Feuilleton : Chateaubriand, "l'enchanteur" royaliste... (4)
Anne-Louis Girodet, Portrait de Chateaubriand,
Saint-Malo, musée d’Histoire de la Ville et du Pays Malouin.
(retrouvez l'intégralité des textes et documents de cette visite, sous sa forme de Feuilleton ou bien sous sa forme d'Album)
Aujourd'hui : La Vallée aux loups...
"Il y a quatre ans qu'à mon retour de la Terre-Sainte, j'achetai près du hameau d'Aulnay, dans le voisinage de Sceaux et de Chatenay, une maison de jardinier, cachée parmi des collines couvertes de bois. Le terrain inégal et sablonneux dépendant de cette maison, n'était qu'un verger sauvage au bout duquel se trouvait une ravine et un taillis de châtaigniers. Cet étroit espace me parut propre à renfermer mes longues espérances; spatio brevi spem longam reseces...
...Si jamais les Bourbons remontent sur le trône, je ne leur demanderai, en récompense de ma fidélité, que de me rendre assez riche pour joindre à mon héritage la lisière des bois qui l'environnent : l'ambition m'est venue; je voudrais accroître ma promenade de quelques arpents; tout chevalier errant que je suis, j'ai les gouts sédentaires d'un moine. Depuis que j'habite cette retraite, je ne crois pas avoir mis trois fois les pieds hors de mon enclos. Mes pins, mes sapins, mes mélèzes, mes cèdres tenant jamais ce qu'ils promettent, la Vallée-aux-Loups deviendra une véritable chartreuse. Lorsque Voltaire naquit à Chatenay, le 20 février 1694, quel était l'aspect du coteau où se devait retirer, en 1807, l'auteur du Génie du Christianisme ?...
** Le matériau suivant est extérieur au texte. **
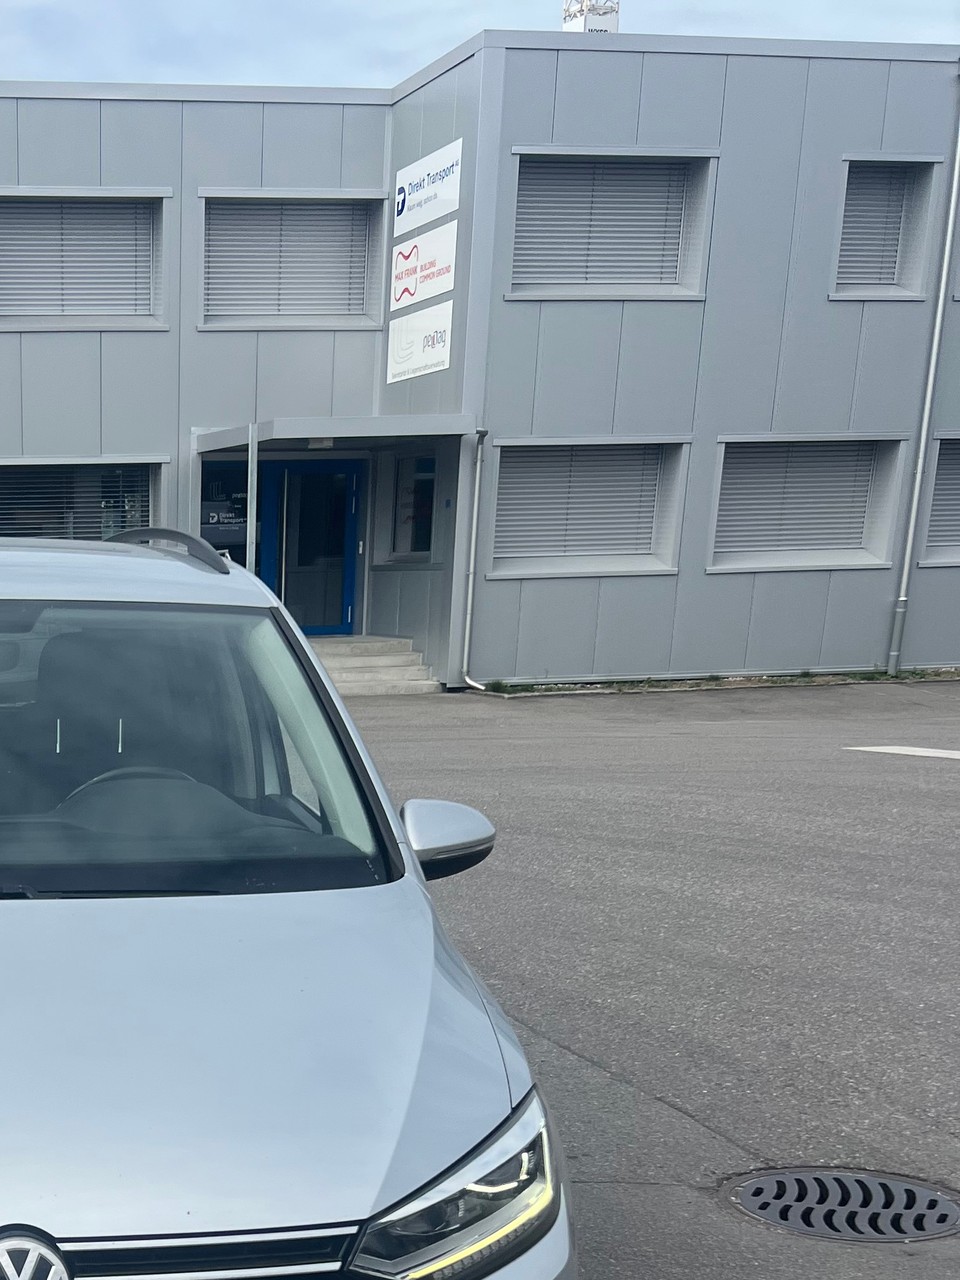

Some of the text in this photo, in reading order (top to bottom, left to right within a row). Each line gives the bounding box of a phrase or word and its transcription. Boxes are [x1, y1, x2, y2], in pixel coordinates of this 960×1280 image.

[408, 177, 425, 196] Direkt
[426, 162, 455, 185] Transport
[404, 265, 418, 279] FRANK
[419, 264, 451, 284] COMMON GROUND
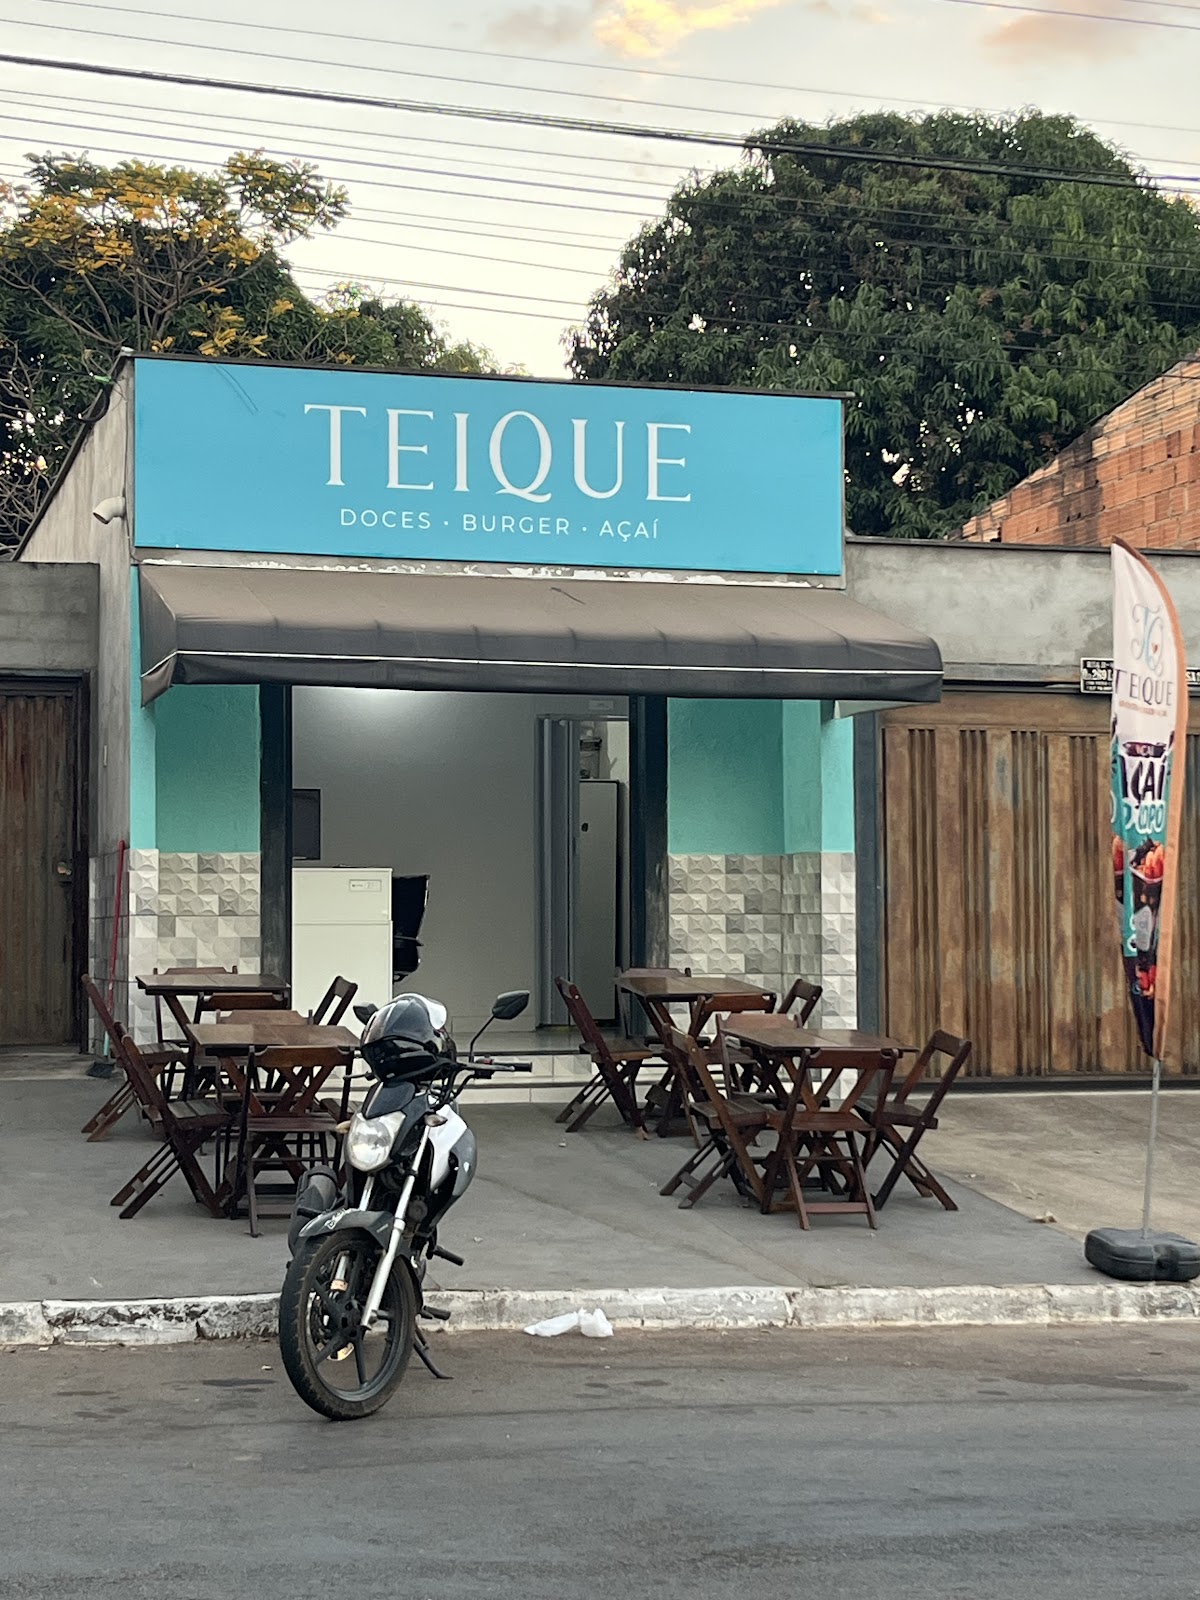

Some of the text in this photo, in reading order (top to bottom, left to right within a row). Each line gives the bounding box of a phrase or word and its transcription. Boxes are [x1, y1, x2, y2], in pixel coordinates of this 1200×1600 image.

[304, 403, 692, 503] TEIQUE
[340, 508, 658, 542] DOCES BURGER AÇAÍ
[1114, 668, 1174, 706] TEIQUE
...Les arbres que j'y ai plantés prospèrent, ils sont encore si petits que je leur donne de l'ombre quand je me place entre eux et le soleil. Un jour, en me rendant cette ombre, ils protègeront mes vieux ans comme j'ai protégé leur jeunesse. Je les ai choisi autant que je l'ai pu des divers climats où j'ai erré, ils rappellent mes voyages et nourrissent au fond de mon coeur d'autres illusions...
...Ce lieu me plaît : il a remplacé pour moi les champs paternels; je l'ai payé du produit de mes rêves et de mes veilles; c'est au grand désert d'Atala que je dois le petit désert d'Aulnay; et pour me créer ce refuge, je n'ai pas, comme le le colon américain, dépouillé l'indien des Florides. Je suis attaché à mes arbres; je leur ai adressé des élégies, des sonnets, des odes. Il n'y a pas un seul d'entre eux que je n'aie soigné de mes propres mains, que je n'aie délivré du ver attaché à sa racine, de la chenille collée à sa feuille; je les connais tous par leurs noms, comme mes enfants; c'est ma famille, je n'en ai pas d'autre, j'espère mourir au milieu d'elle..." (Mémoires d'Outre-Tombe, La Pléiade, tome I, pages 5/6.)